The hostility dismayed and suprised Stein. In the old days, there was more solidarity, the old crew had been made of harder stuff. The community spirit used to grow stronger in the face of challenges, not fall apart. These kids had no long-range sense of revolutionary struggle.

Sighing, Stein decided to turn the sullen mood to whatever advantage he could. “Okay, so I see we all agree that we can’t sit around and wait for John Lennon to drop out of the sky and save us. We’ve got to try the other approach, which is at least something we can act on. We’ve got to try to get the money out of Jango Beck.”

“—Jango Beck—”

“—somebody been dipping your cigarettes in DMT—”

“—heartless fucker—”

Stein held his hand up for quiet. “I’m under no illusions about the motivations of Jango Beck,” he said. “But Beck is in the record business, and he sells his records to our readership, so we’ve got some leverage with him if we’ve got the guts to use it.”

That shut them up. Even Jonas was looking at him intently now, wondering what old Barry was about to pull out of the hat. It was one thing to put a newspaper out, and another to run it, to be the man responsible for its continued existence.

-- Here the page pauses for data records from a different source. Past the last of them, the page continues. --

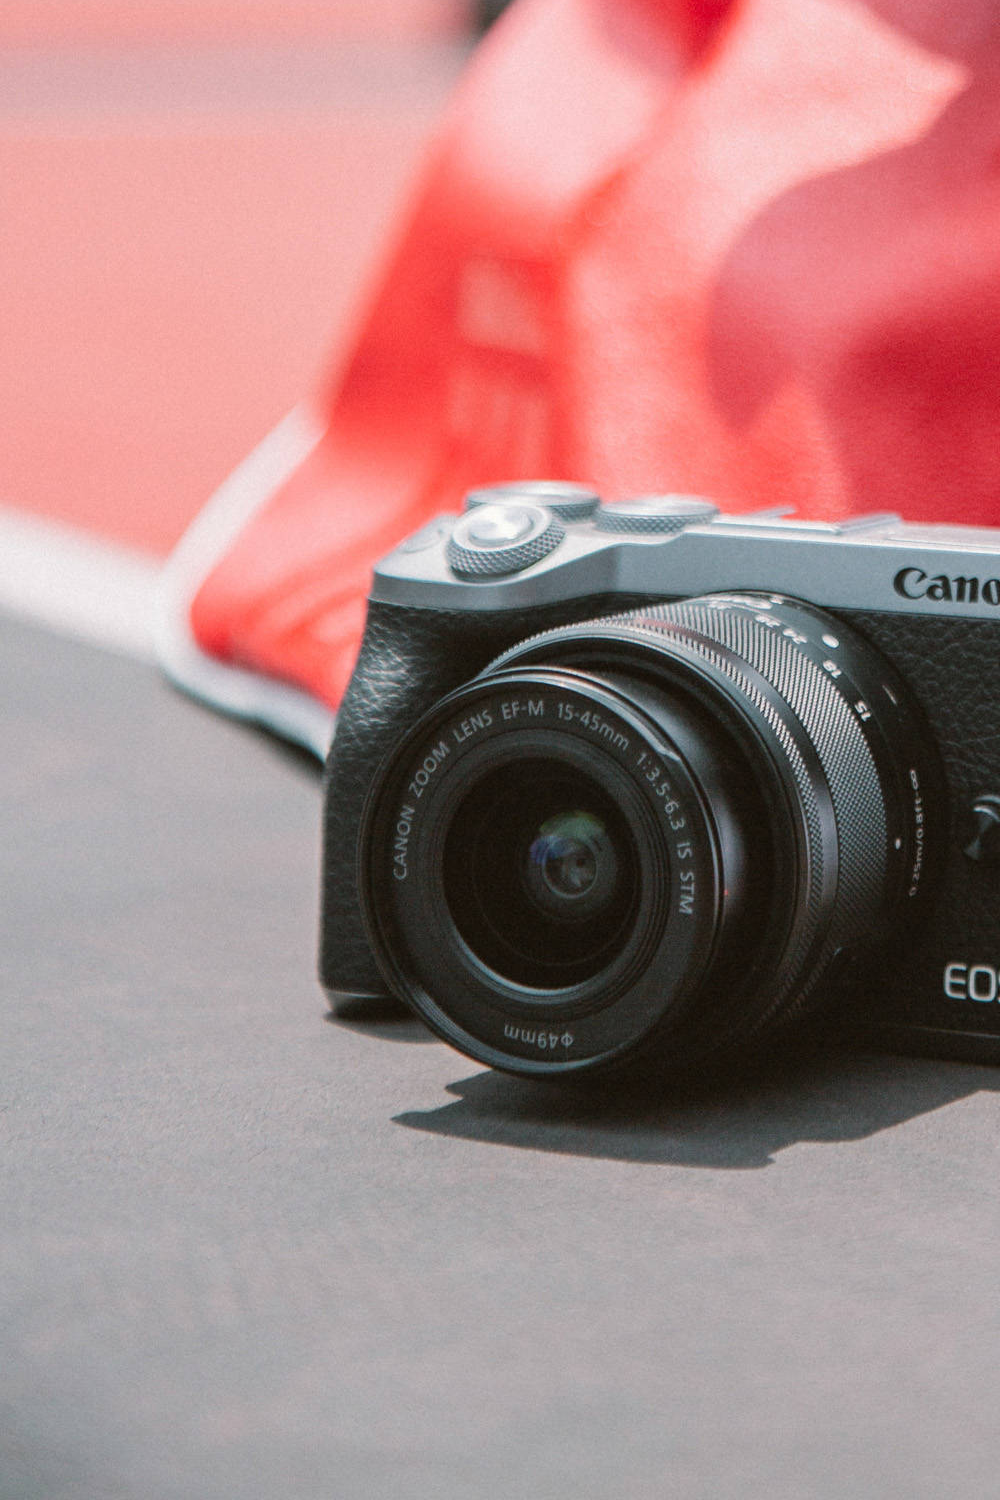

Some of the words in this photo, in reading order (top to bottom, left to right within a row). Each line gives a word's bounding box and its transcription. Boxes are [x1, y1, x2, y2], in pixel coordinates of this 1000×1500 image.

[452, 709, 493, 743] LENS
[501, 699, 545, 720] EF-M
[557, 702, 630, 750] 15-45mm
[409, 740, 450, 798] ZOOM
[635, 752, 686, 831] 1:3.5-6.3
[393, 805, 415, 880] CANON
[676, 841, 692, 860] IS
[679, 871, 695, 915] STM

“What do we draw in monthly ad revenue out of Dark Star?” he asked the head of the advertising department.

“Maybe a thousand.”

“Well, that sucks. We give Dark Star records an awful lot of coverage, and most of it’s been favorable this year. Quotes from Artie’s column have been plastered all over Beck’s album covers. I think that should be worth a full-page color ad in the
Flash
every week. And I think that as a gesture of solidarity, Beck should pay us for a year’s worth of ads in advance.”